Donald Trump prepara terreno para questionar eleições do Brasil

Segundo o Washington Post, Trump pretende enviar ao Brasil dois funcionários para uma missão que poderá levantar dúvidas sobre a imparcialidade e a integridade do sistema eleitoral brasileiro antes das eleições presidenciais

Segundo reportagem publicada pelo Washington Post, a administração do presidente Donald Trump pretende enviar ao Brasil dois altos funcionários do Departamento de Estado — Riley M. Barnes e Samuel Samson — para uma missão que poderá levantar dúvidas sobre a imparcialidade e a integridade do sistema eleitoral brasileiro antes das eleições presidenciais de 4 de outubro. Embora o Departamento de Estado tenha confirmado a viagem, não informou oficialmente quais serão os objetivos da missão.

Autoridades ouvidas pelo jornal afirmam que os emissários deverão questionar a confiabilidade das urnas eletrônicas brasileiras, utilizadas desde 1996 e submetidas, ao longo desse período, a sucessivos testes públicos de segurança e ao acompanhamento de missões nacionais e internacionais de observação eleitoral. Integrantes do governo brasileiro avaliam que os representantes americanos poderão reunir-se com críticos do sistema de votação e produzir um relatório destinado a lançar dúvidas sobre a credibilidade das eleições. Diplomatas brasileiros classificaram a iniciativa como incompatível com a relação entre duas democracias soberanas, e o governo estuda medidas para impedir a entrada da delegação caso fique caracterizada uma tentativa de interferência no processo eleitoral brasileiro.

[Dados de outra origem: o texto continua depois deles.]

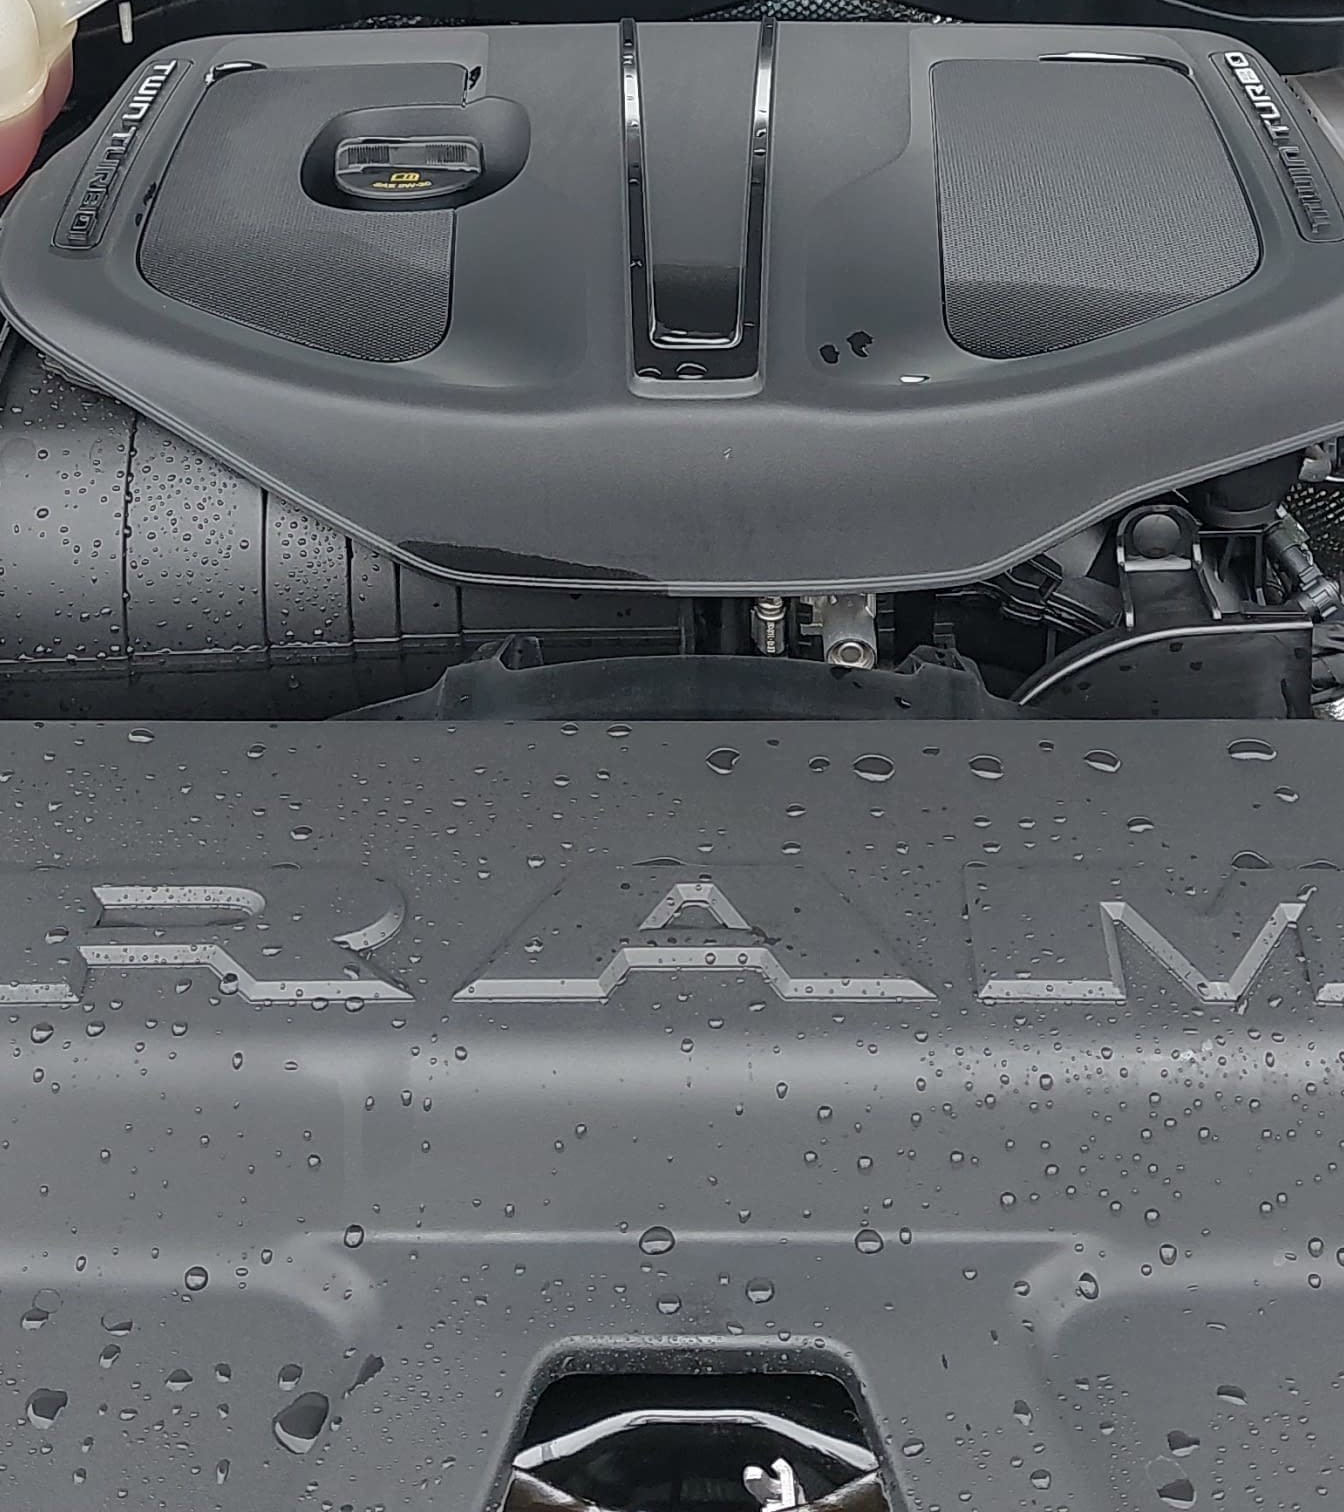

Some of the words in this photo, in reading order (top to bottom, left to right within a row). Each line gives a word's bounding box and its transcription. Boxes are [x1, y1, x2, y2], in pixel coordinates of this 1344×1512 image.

Se a reportagem do Washington Post estiver correta, o episódio representa mais do que um atrito diplomático: configura uma tentativa de um governo estrangeiro de influenciar o debate sobre a legitimidade de uma eleição em outro país. Trata-se de uma atitude que contraria o princípio da soberania nacional e reforça um discurso já utilizado por setores políticos brasileiros que questionam, sem comprovação, a segurança das urnas eletrônicas.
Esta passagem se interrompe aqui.